What the task requires: Should an entry contain an image, leave the image out and repeat the entry's text exactly.
== Input material ==
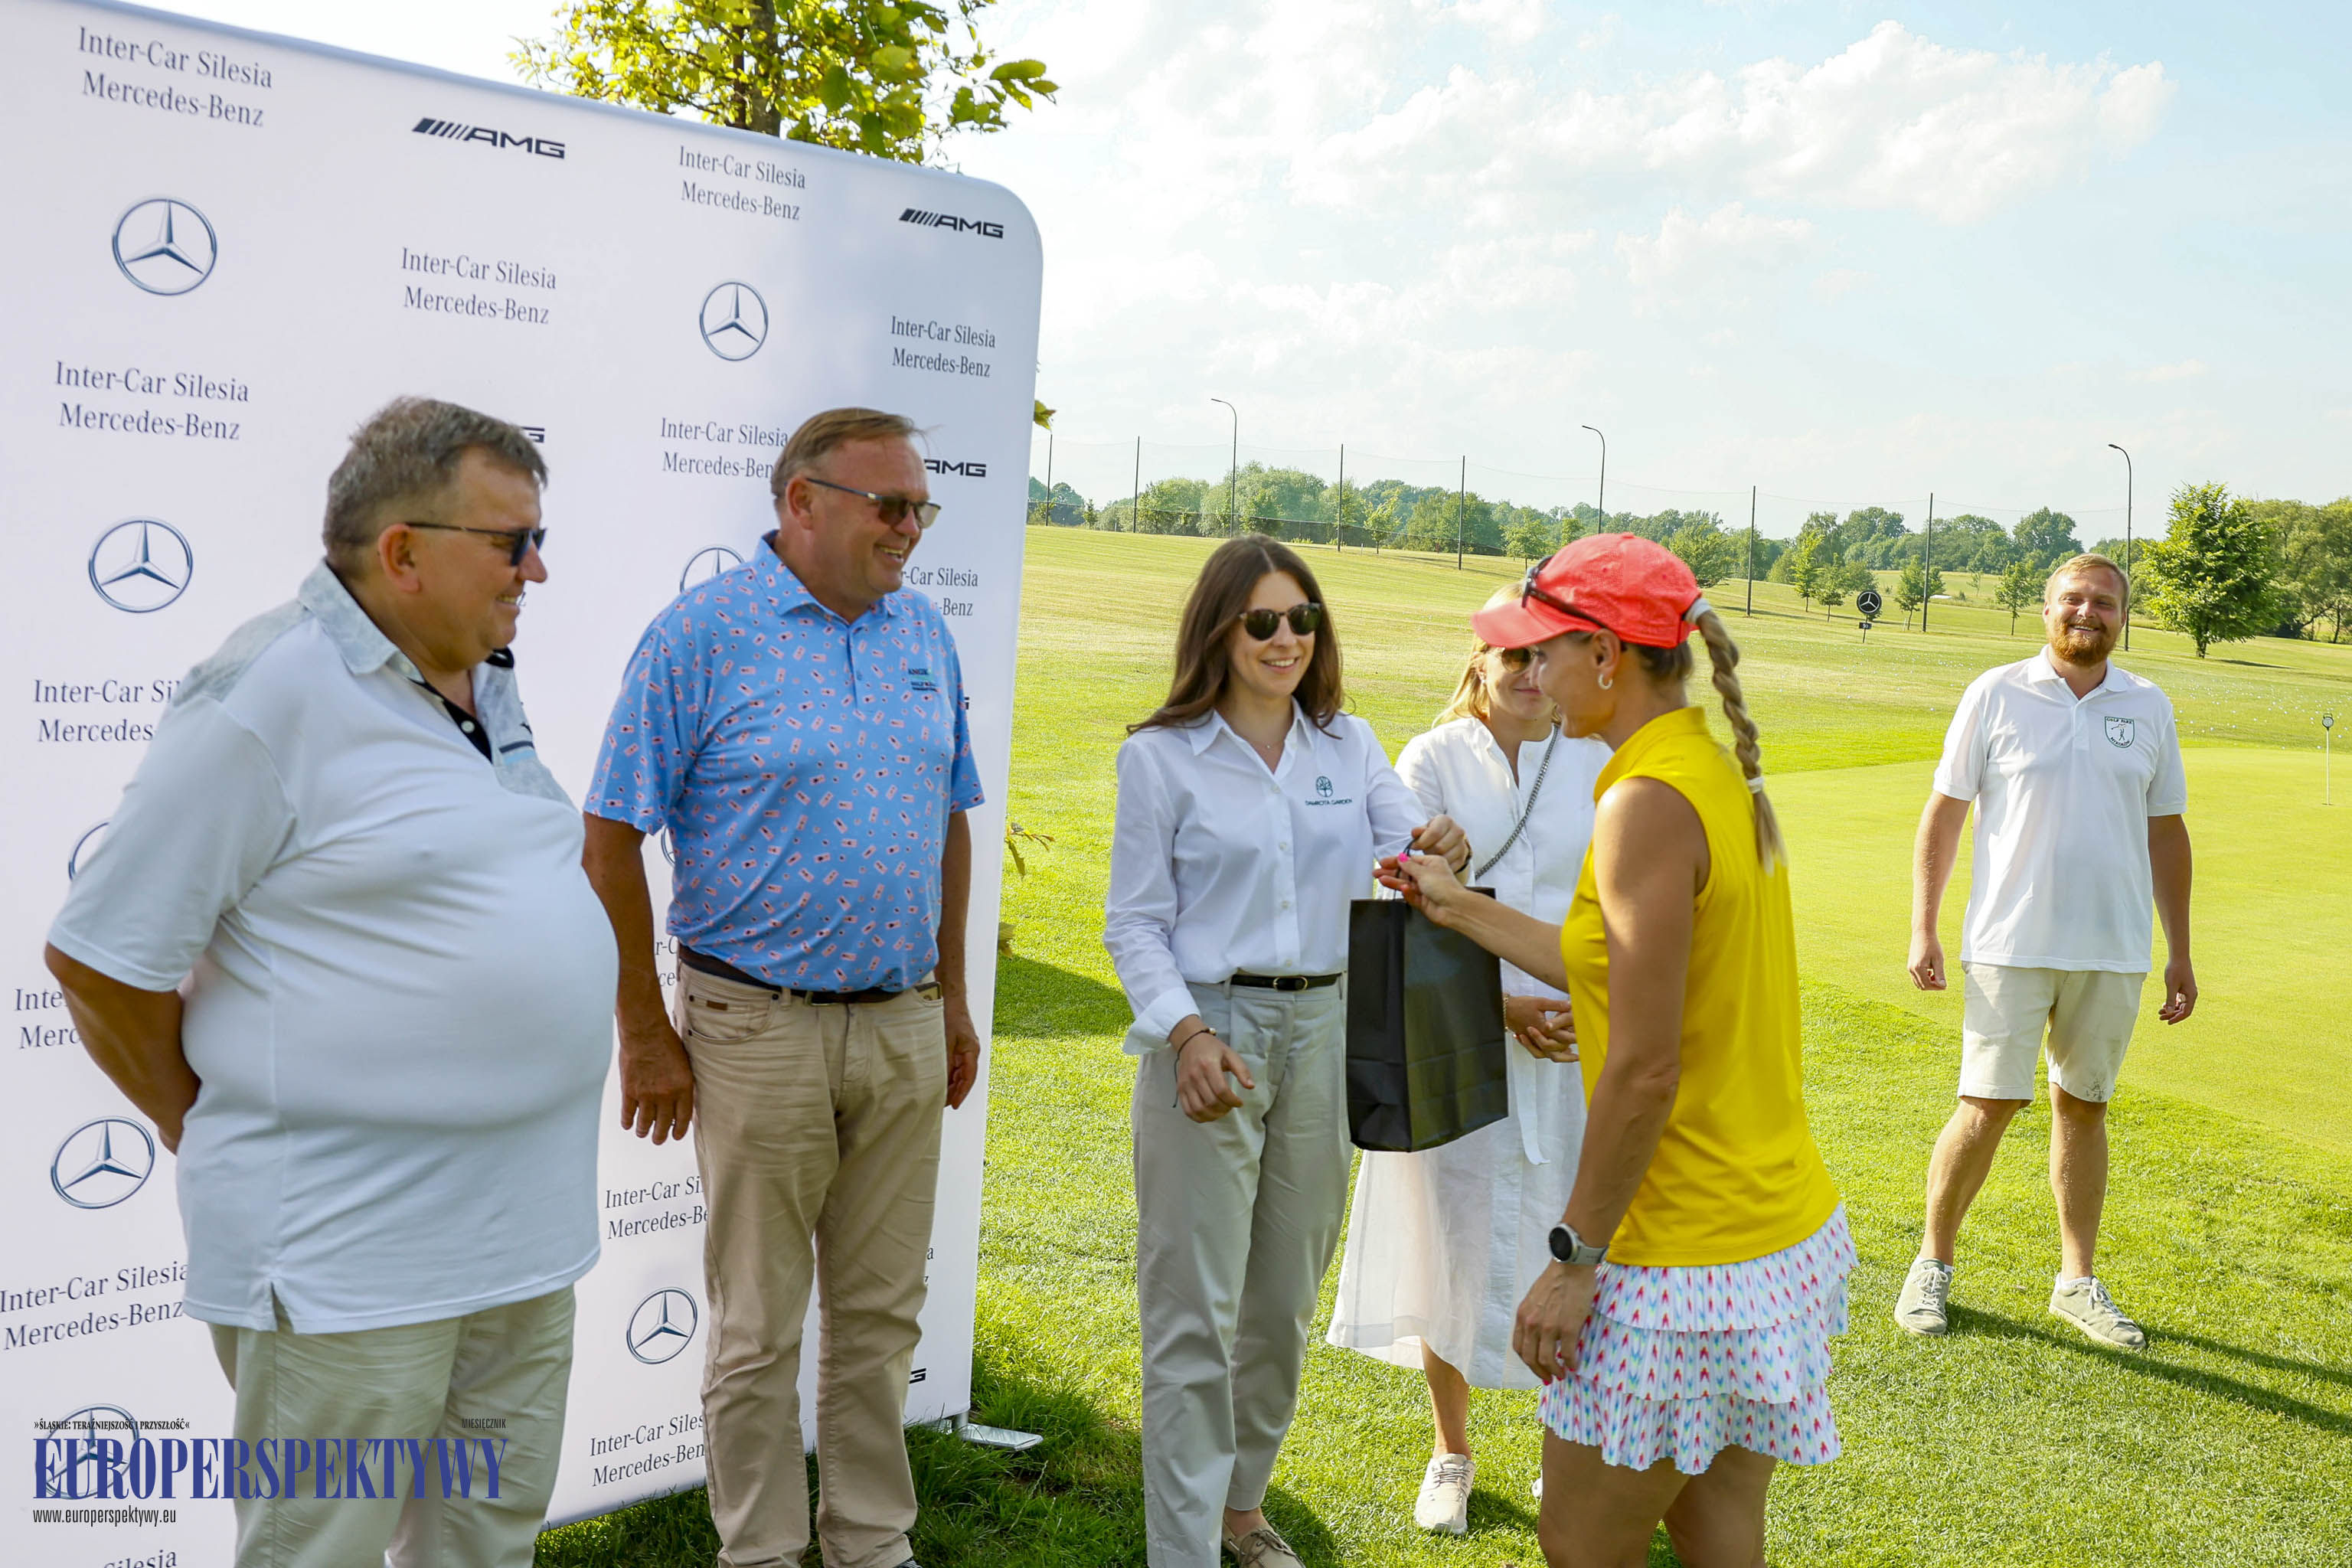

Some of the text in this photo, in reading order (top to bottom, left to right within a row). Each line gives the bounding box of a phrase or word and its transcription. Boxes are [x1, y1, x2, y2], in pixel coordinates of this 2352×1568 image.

[78, 25, 273, 89] Inter-Car Silesia
[82, 69, 264, 127] Mercedes-Benz
[678, 145, 806, 190] Inter-Car Silesia
[680, 180, 801, 221] Mercedes-Benz
[400, 247, 557, 290] Inter-Car Silesia
[403, 285, 550, 325] Mercedes-Benz
[890, 315, 996, 348] Inter-Car Silesia
[891, 346, 991, 378] Mercedes-Benz
[55, 361, 250, 403] Inter-Car Silesia
[58, 402, 240, 441] Mercedes-Benz
[660, 416, 788, 447] Inter-Car Silesia
[662, 451, 773, 479] Mercedes-Ben
[936, 567, 978, 587] Silesia
[34, 678, 144, 703] Inter-Car
[604, 1181, 681, 1209] Inter-Car
[607, 1205, 708, 1240] Mercedes-Be
[0, 1276, 109, 1313] Inter-Car
[3, 1301, 184, 1351] Mercedes-Benz
[589, 1413, 704, 1457] Inter-Car Siles
[592, 1443, 704, 1487] Mercedes-Ben
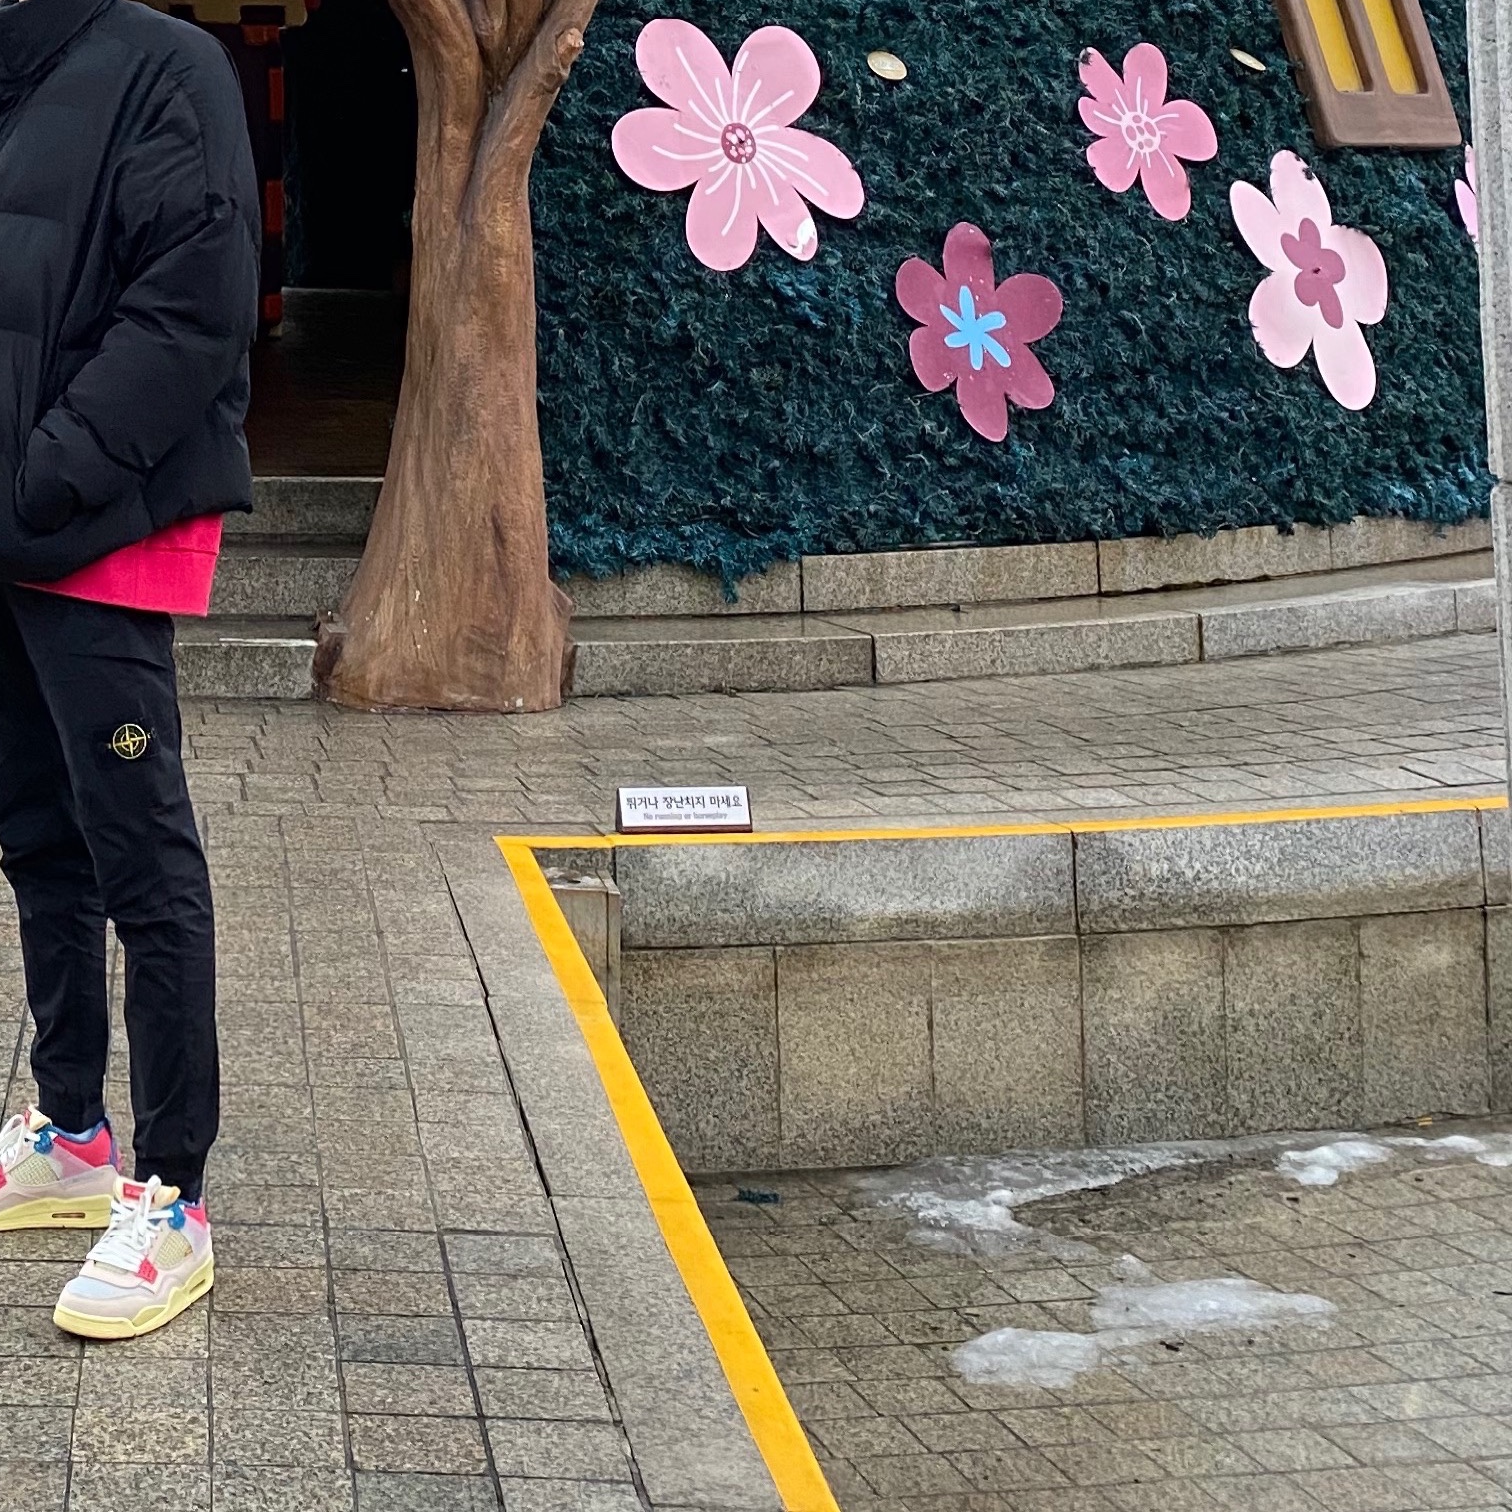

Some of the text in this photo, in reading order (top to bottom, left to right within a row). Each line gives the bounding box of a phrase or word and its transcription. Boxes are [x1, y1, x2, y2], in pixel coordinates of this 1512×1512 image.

[626, 795, 743, 810] 뛰거나 장난치지 마세요
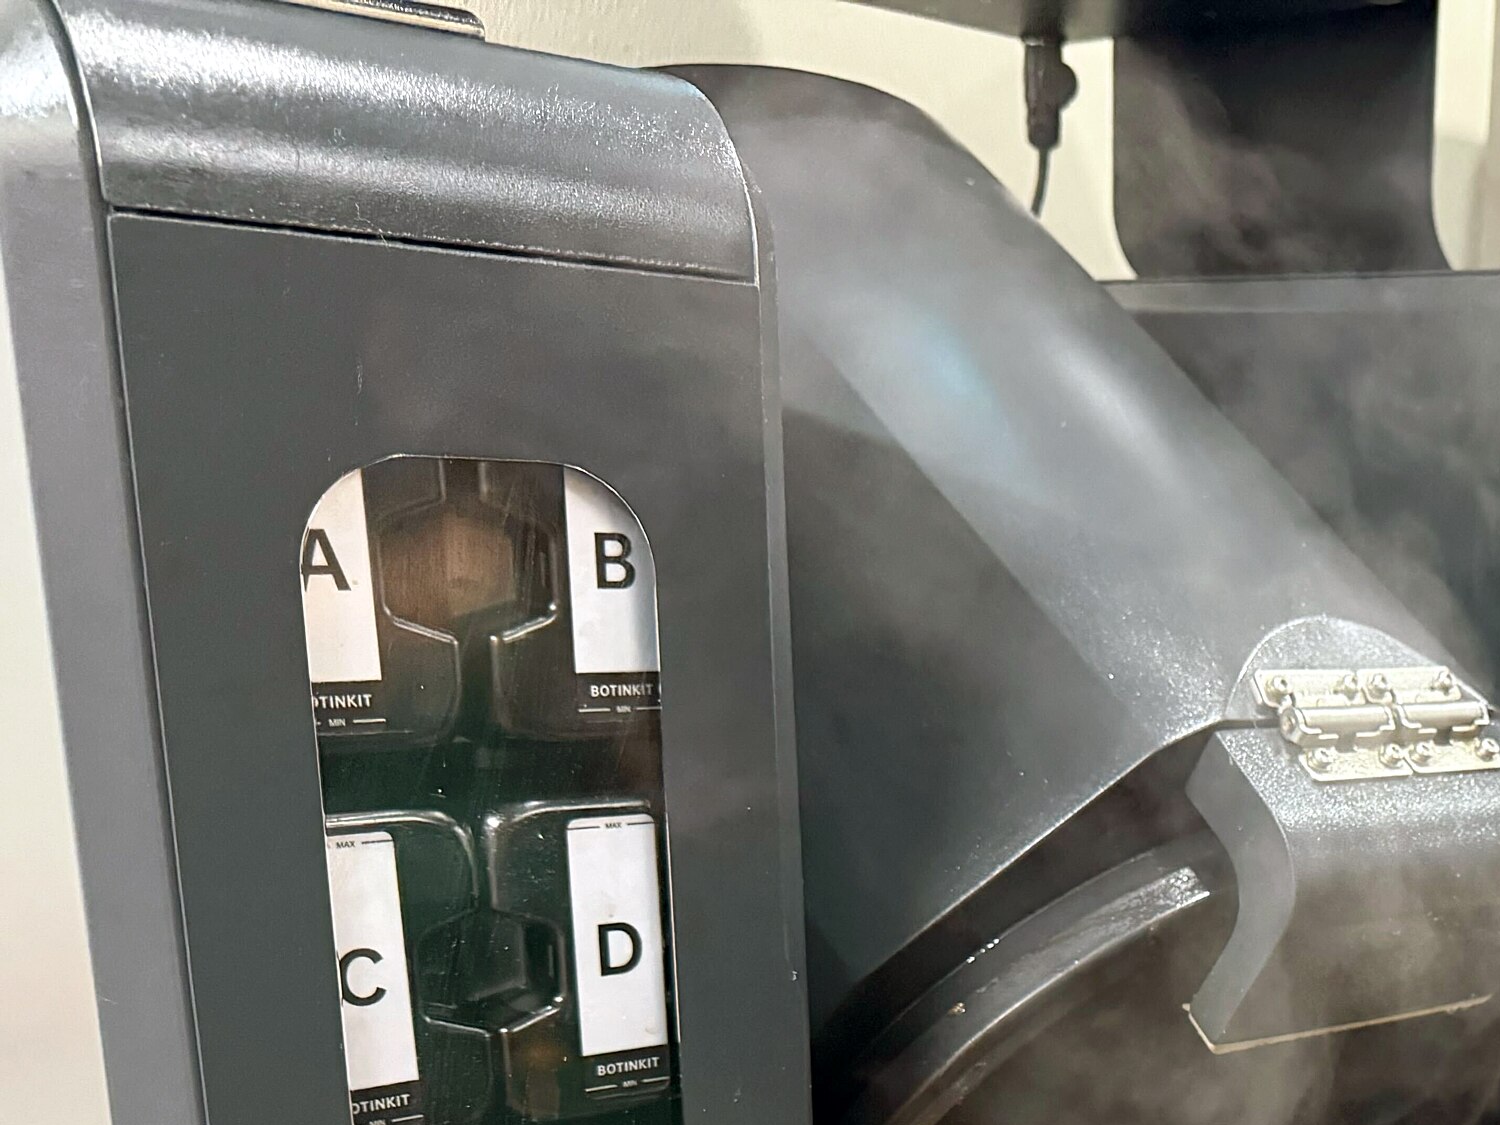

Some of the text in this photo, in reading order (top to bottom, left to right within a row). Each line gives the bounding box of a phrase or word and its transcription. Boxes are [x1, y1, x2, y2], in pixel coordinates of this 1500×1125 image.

[301, 528, 352, 591] A
[594, 532, 636, 589] B
[590, 682, 653, 698] BOTINKIT
[598, 922, 642, 976] D
[340, 948, 387, 1006] C
[597, 1056, 659, 1076] BOTINKIT
===
Written response:
Some of the text in this photo, in reading order (top to bottom, left to right within a row). Each line gives the bounding box of a phrase or word and its transcription. Boxes are [x1, y1, x2, y2], in pixel coordinates of this 2352×1568 image.

[78, 25, 273, 89] Inter-Car Silesia
[82, 69, 264, 127] Mercedes-Benz
[678, 145, 806, 190] Inter-Car Silesia
[680, 180, 801, 221] Mercedes-Benz
[400, 247, 557, 290] Inter-Car Silesia
[403, 285, 550, 325] Mercedes-Benz
[890, 315, 996, 348] Inter-Car Silesia
[891, 346, 991, 378] Mercedes-Benz
[55, 361, 250, 403] Inter-Car Silesia
[58, 402, 240, 441] Mercedes-Benz
[660, 416, 788, 447] Inter-Car Silesia
[662, 451, 773, 479] Mercedes-Ben
[936, 567, 978, 587] Silesia
[34, 678, 144, 703] Inter-Car
[604, 1181, 681, 1209] Inter-Car
[607, 1205, 708, 1240] Mercedes-Be
[0, 1276, 109, 1313] Inter-Car
[3, 1301, 184, 1351] Mercedes-Benz
[589, 1413, 704, 1457] Inter-Car Siles
[592, 1443, 704, 1487] Mercedes-Ben

Some of the text in this photo, in reading order (top to bottom, left to right within a row). Each line gives the bounding box of a phrase or word and its transcription. Boxes are [x1, y1, x2, y2], in pixel coordinates of this 1512×1512 image.

[626, 795, 743, 810] 뛰거나 장난치지 마세요

Some of the text in this photo, in reading order (top to bottom, left to right within a row). Each line gives the bounding box of a phrase or word and its transcription. Boxes are [x1, y1, x2, y2], in pixel coordinates of this 1500×1125 image.

[301, 528, 352, 591] A
[594, 532, 636, 589] B
[590, 682, 653, 698] BOTINKIT
[598, 922, 642, 976] D
[340, 948, 387, 1006] C
[597, 1056, 659, 1076] BOTINKIT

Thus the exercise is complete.